Lifestyle

How Did it All Start? The unromantic roots of Valentine’s Day

On February 14, couples of all ages and backgrounds will participate in the commonly celebrated traditions of Valentine’s Day. Originally a liturgical feast day to celebrate a Christian martyr, the exchange of cards, flowers, sweets and other various tokens of affection will abound. Pledges of love and fealty will be made and in some cases, proposals — proposing is a wildly popular thing to do in the Philippines. Primarily recognized in the West (many countries oppose the day for political and religious reasons), sales in the United States alone are expected to reach more than $20 billion this year.  

But the origins of this day are a bit more unromantic than modern couples would have us believe.

There are more than 30 saints who go by Valentine or Valentinus, and only three make the list of candidates likely to claim Valentine’s Day as their namesake. Of those three, two were executed on February 14 in different years by Emperor Claudius II Gothicus in the third century AD. The other likely candidate died in Africa, alongside 24 soldiers. Very little information is known about him.  

The second Valentinus, a Roman priest, was arrested and taken into custody by an aristocrat named Asterius. A non-believer, Asterius made Valentinus an offer: If he could cure his daughter’s blindness through the power of God, he and his family would convert. Sure enough, Valentinus restored the young girl’s vision and Asterius and his family were later baptized. When news of this reached Emperor Gothicus, he ordered Valentinus and the recently converted family executed (Valentinus was beheaded).

Another part of legend says that while imprisoned, Valentinus had befriended Asterius’ daughter and signed a letter “from your Valentine.”  However, no proof of this exists.

The third Valentinus was a bishop of Terni in the district of Umbria, Italy. His story, according to medieval legend, is remarkably similar to the second. A man sought help from the good bishop to heal his son’s physical disability. After miraculously curing the son, the family converted to Christianity. Emperor Claudius II discovered this and had him arrested and later beheaded. It is very likely, considering the remarkable resemblance of both stories, that these two people are one and the same.

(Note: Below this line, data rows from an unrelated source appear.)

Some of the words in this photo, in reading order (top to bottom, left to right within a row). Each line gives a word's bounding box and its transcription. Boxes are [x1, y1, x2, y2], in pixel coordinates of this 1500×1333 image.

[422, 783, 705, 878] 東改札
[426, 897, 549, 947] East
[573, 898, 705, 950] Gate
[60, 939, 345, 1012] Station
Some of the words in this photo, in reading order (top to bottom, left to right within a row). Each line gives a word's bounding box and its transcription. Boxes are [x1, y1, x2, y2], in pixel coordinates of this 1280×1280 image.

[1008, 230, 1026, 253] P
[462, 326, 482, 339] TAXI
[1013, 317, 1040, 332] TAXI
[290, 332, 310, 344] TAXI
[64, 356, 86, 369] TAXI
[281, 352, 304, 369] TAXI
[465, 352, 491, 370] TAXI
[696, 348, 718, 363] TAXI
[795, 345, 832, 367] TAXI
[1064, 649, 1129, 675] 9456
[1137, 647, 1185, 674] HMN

There is an unsubstantiated “love letters” legend along with another legend that one of these saints secretly married young couples (marriage was outlawed under Claudius II since he believed married men were less likely to fight in his wars). A final claim made is that Valentinus aided mistreated Christians in escaping Roman prisons.

Is it not peculiar that the least likely stories of Valentinus are far more romantic than the more likely ones? There seems to be just as many legends surrounding this venerated figure as there are churches and monasteries in Europe claiming to have bits of bone belonging to a St. Valentinus.  

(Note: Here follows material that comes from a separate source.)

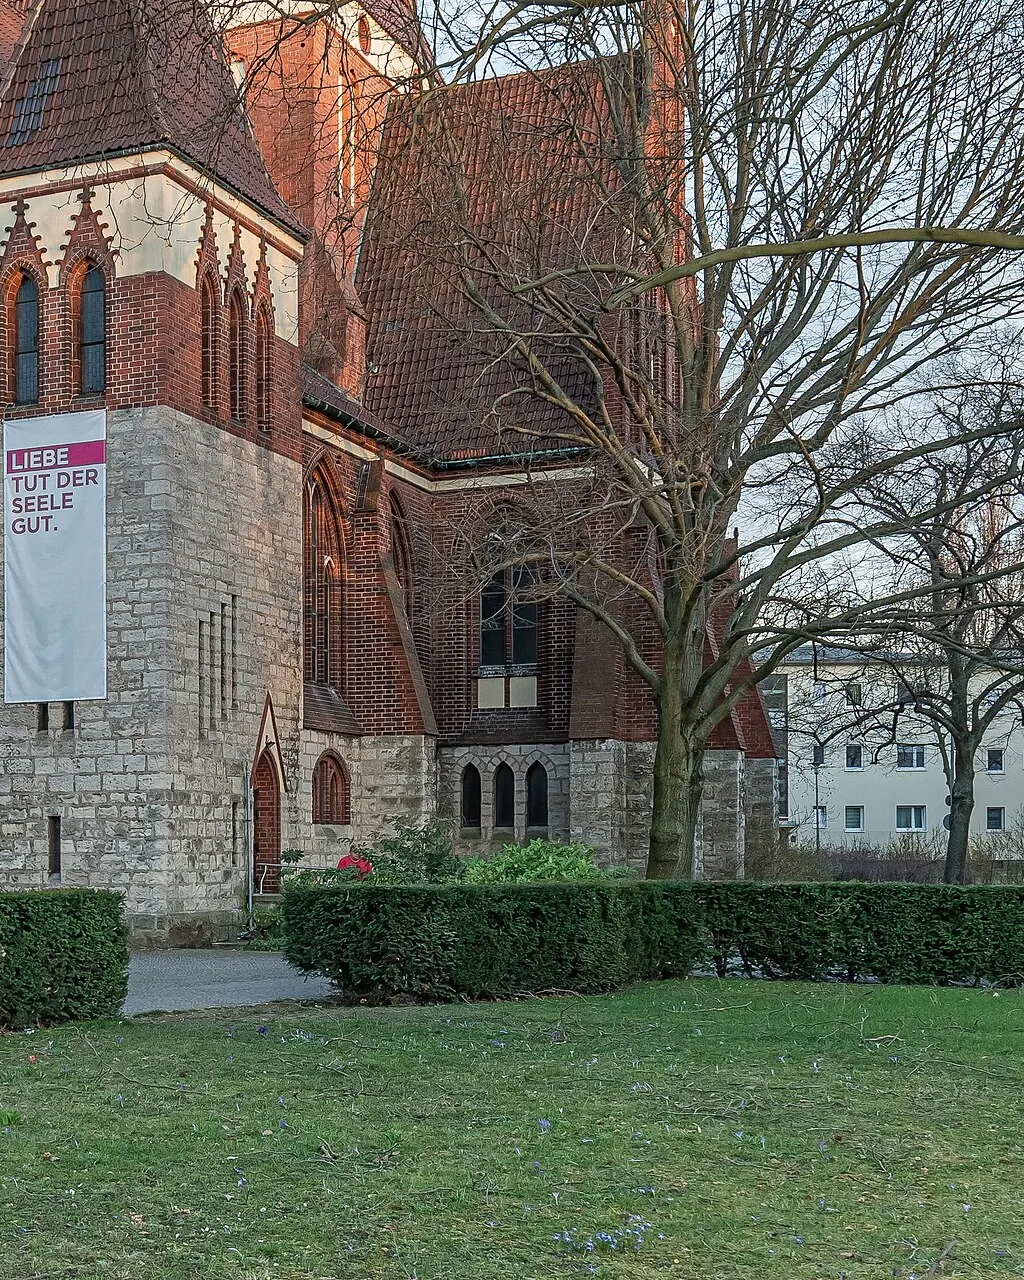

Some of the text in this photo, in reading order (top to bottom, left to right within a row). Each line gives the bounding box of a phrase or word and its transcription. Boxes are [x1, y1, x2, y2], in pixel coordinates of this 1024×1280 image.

[11, 447, 69, 470] LIEBE
[11, 468, 99, 493] TUT DER
[11, 492, 74, 514] SEELE
[11, 515, 58, 535] GUT.

Some speculate the ancient Roman festival of Lupercalia, celebrated in mid-February, may have been a precursor to the Christian holiday and purposely replaced by Pope Gelasius I in the fifth century. During this pagan fertility festival, men would strip naked and goats and dogs would be sacrificed. Later, women would line up to be whipped by the men with the hides of the sacrificed animals, believing that this would make them more fertile. A matchmaking lottery was included in the festivities, pairing young men and women up for the duration of the festival, or, if the match was right, indefinitely. 

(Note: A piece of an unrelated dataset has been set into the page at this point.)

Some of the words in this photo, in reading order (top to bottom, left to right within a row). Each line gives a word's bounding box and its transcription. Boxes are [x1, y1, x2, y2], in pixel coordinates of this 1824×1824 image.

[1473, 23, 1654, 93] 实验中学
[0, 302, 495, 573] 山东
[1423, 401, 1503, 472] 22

Geoffrey Chaucer, author of The Canterbury Tales, was the first to romanticize the holiday in his poem “Parliament of Foules” in 1375. He writes, For this was on seynt Volantynys day/ Whan euery bryd comyth there to chese his make.” The poem is one of the first references to connect the celebration of Valentine’s Day to love and romance. Europeans commonly thought of mid-February as the beginning of the avian mating season, when birds came together to produce eggs and prepare for the arrival of spring. Birds continue to be a symbol of love to this day. 

In Shakespeare’s Hamlet, the doomed Ophelia sings, “To-morrow is Saint Valentine’s day/All in the morning betime/And I a maid at your window/To be your Valentine.” 

The earliest known Valentine sent to a loved one is a poem written by Charles, Duke of Orleans, to his wife while he was imprisoned in the Tower of London in the 15th century.

In the mid-19th century, the industrial revolution made it easier for people to participate in the holiday with mass-produced greeting cards. The first Hershey Kiss was produced in 1907, followed by Hallmark Valentine’s Day cards in 1913.